Answer: Congress recognizes that child support serves a vital interest: It maintains the bonds between parent and child, enforces parental obligations, and keeps many children out of poverty. For these reasons, child support is an exception to many of the rules that otherwise apply in bankruptcy cases.
Unlike most other types of debts, for example, child support debt cannot be discharged in bankruptcy. A parent will continue to be legally responsible for child support before, during, and after filing for bankruptcy. Also, the automatic stay does nothing to stop child support collection actions. Although most creditor activities must stop when a debtor files for bankruptcy, this is not true of actions to collect child support, such as a wage garnishment.
If you are the parent receiving child support and you plan to file for bankruptcy, keep these rules in mind:
- You must include the amount you receive as child support in your income when you complete your bankruptcy paperwork and take the means test. (Among other things, the means test determines whether you may use Chapter 7).

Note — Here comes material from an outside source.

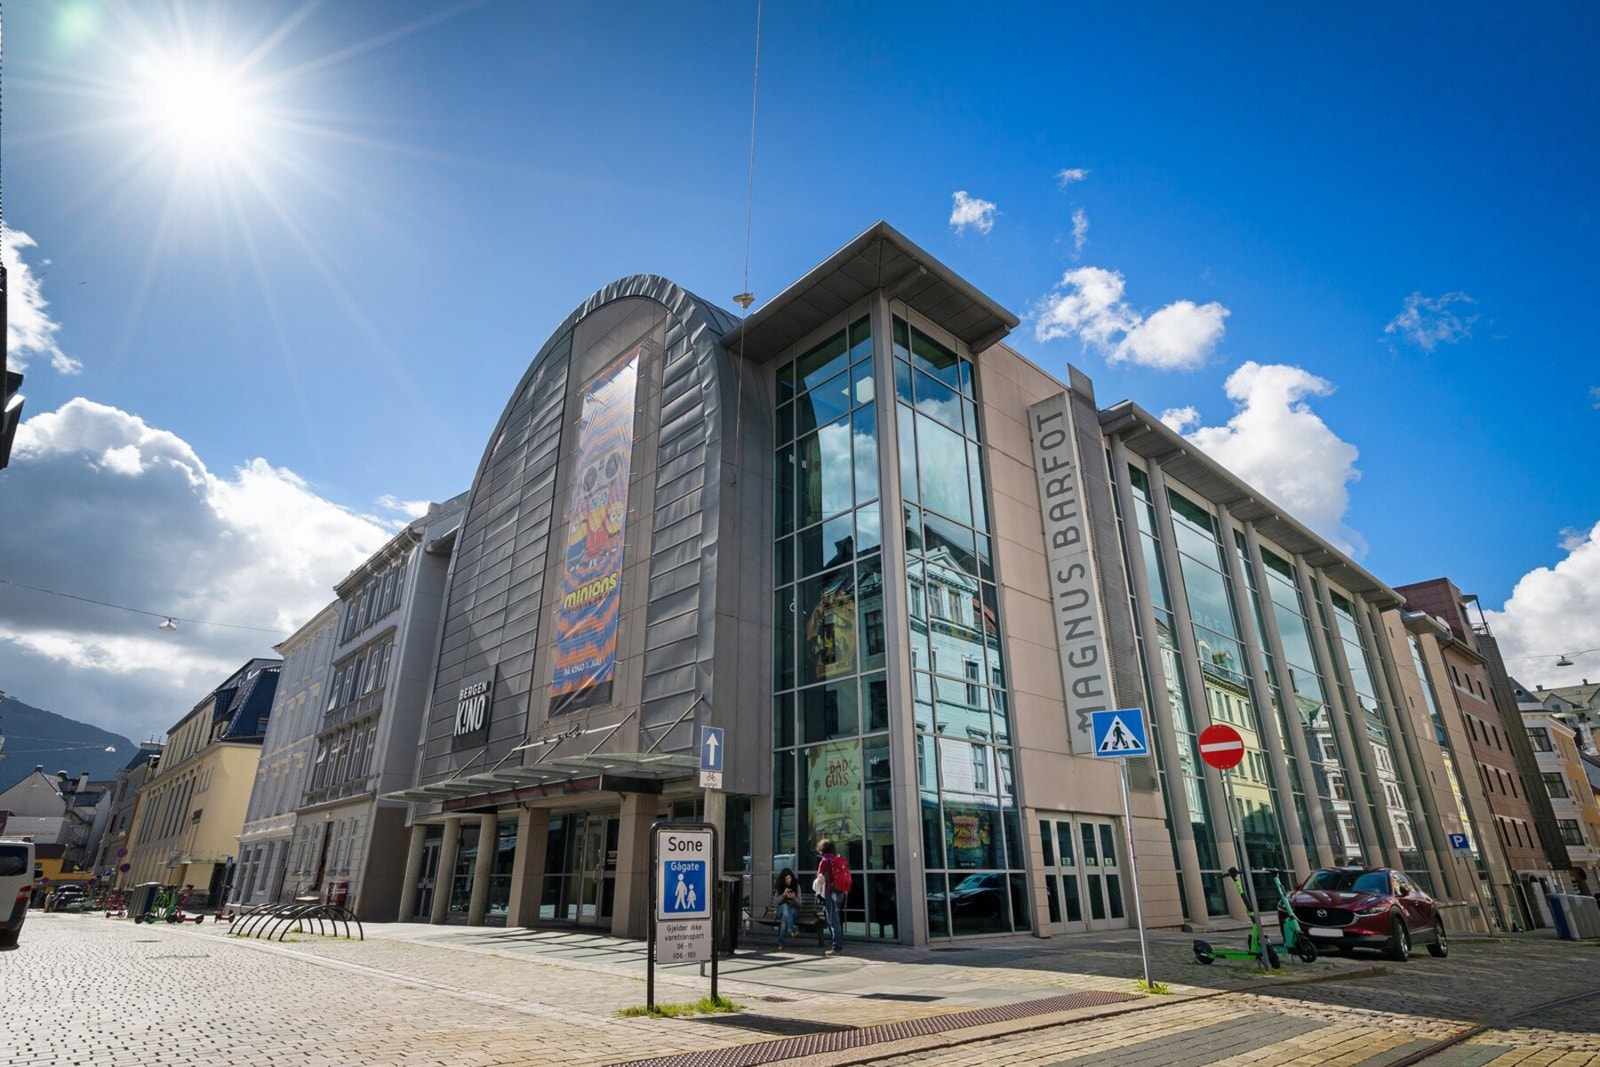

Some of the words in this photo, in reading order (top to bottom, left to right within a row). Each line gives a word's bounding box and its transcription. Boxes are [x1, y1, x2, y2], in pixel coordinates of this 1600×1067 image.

- Amounts necessary to support your children are allowed expenses in bankruptcy. This means you may subtract them from your income when determining your disposable income. Your disposable income is used to determine whether you pass the means test. It also determines how much you will have to pay into your repayment plan, if you file under Chapter 13.
- The laws of most states (and federal law) exempt child support payments. This means that, if you file under Chapter 7, the trustee can't take your child support to repay your creditors.